Data excerpts
━━━━━━━━━━━━━━━━━━━━
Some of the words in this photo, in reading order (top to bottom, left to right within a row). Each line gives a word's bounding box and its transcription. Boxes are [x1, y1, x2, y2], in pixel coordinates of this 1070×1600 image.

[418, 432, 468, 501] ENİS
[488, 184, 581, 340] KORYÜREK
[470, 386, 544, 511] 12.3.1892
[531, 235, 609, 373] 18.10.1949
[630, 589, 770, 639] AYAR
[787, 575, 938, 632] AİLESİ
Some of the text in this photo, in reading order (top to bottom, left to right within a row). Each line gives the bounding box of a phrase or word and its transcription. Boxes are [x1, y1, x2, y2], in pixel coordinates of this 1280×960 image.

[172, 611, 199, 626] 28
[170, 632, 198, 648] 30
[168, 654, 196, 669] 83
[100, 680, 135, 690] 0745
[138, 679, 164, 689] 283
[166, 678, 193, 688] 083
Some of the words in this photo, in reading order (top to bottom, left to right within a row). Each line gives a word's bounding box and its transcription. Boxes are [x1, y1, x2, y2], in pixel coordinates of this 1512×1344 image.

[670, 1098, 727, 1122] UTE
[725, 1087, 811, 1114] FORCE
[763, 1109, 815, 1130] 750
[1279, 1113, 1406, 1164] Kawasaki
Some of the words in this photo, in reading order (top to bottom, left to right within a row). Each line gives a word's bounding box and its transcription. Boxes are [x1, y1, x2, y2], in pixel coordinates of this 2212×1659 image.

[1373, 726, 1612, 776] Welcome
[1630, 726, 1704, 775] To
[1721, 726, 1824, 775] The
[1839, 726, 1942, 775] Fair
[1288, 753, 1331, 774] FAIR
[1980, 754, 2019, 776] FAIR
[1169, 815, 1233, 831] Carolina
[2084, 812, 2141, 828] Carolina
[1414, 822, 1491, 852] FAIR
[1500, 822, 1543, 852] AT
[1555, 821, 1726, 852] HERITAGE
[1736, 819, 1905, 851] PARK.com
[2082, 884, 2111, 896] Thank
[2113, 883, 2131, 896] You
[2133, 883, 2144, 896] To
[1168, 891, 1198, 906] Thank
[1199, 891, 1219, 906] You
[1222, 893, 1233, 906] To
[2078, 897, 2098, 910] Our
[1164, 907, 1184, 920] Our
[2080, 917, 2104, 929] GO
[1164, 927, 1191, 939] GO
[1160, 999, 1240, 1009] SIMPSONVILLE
━━━━━━━━━━━━━━━━━━━━
--- What to produce ---
Write the entries out a second time. Match them exactly.

--- Answer to this exercise ---
Some of the words in this photo, in reading order (top to bottom, left to right within a row). Each line gives a word's bounding box and its transcription. Boxes are [x1, y1, x2, y2], in pixel coordinates of this 1070×1600 image.

[418, 432, 468, 501] ENİS
[488, 184, 581, 340] KORYÜREK
[470, 386, 544, 511] 12.3.1892
[531, 235, 609, 373] 18.10.1949
[630, 589, 770, 639] AYAR
[787, 575, 938, 632] AİLESİ
Some of the text in this photo, in reading order (top to bottom, left to right within a row). Each line gives the bounding box of a phrase or word and its transcription. Boxes are [x1, y1, x2, y2], in pixel coordinates of this 1280×960 image.

[172, 611, 199, 626] 28
[170, 632, 198, 648] 30
[168, 654, 196, 669] 83
[100, 680, 135, 690] 0745
[138, 679, 164, 689] 283
[166, 678, 193, 688] 083
Some of the words in this photo, in reading order (top to bottom, left to right within a row). Each line gives a word's bounding box and its transcription. Boxes are [x1, y1, x2, y2], in pixel coordinates of this 1512×1344 image.

[670, 1098, 727, 1122] UTE
[725, 1087, 811, 1114] FORCE
[763, 1109, 815, 1130] 750
[1279, 1113, 1406, 1164] Kawasaki
Some of the words in this photo, in reading order (top to bottom, left to right within a row). Each line gives a word's bounding box and its transcription. Boxes are [x1, y1, x2, y2], in pixel coordinates of this 2212×1659 image.

[1373, 726, 1612, 776] Welcome
[1630, 726, 1704, 775] To
[1721, 726, 1824, 775] The
[1839, 726, 1942, 775] Fair
[1288, 753, 1331, 774] FAIR
[1980, 754, 2019, 776] FAIR
[1169, 815, 1233, 831] Carolina
[2084, 812, 2141, 828] Carolina
[1414, 822, 1491, 852] FAIR
[1500, 822, 1543, 852] AT
[1555, 821, 1726, 852] HERITAGE
[1736, 819, 1905, 851] PARK.com
[2082, 884, 2111, 896] Thank
[2113, 883, 2131, 896] You
[2133, 883, 2144, 896] To
[1168, 891, 1198, 906] Thank
[1199, 891, 1219, 906] You
[1222, 893, 1233, 906] To
[2078, 897, 2098, 910] Our
[1164, 907, 1184, 920] Our
[2080, 917, 2104, 929] GO
[1164, 927, 1191, 939] GO
[1160, 999, 1240, 1009] SIMPSONVILLE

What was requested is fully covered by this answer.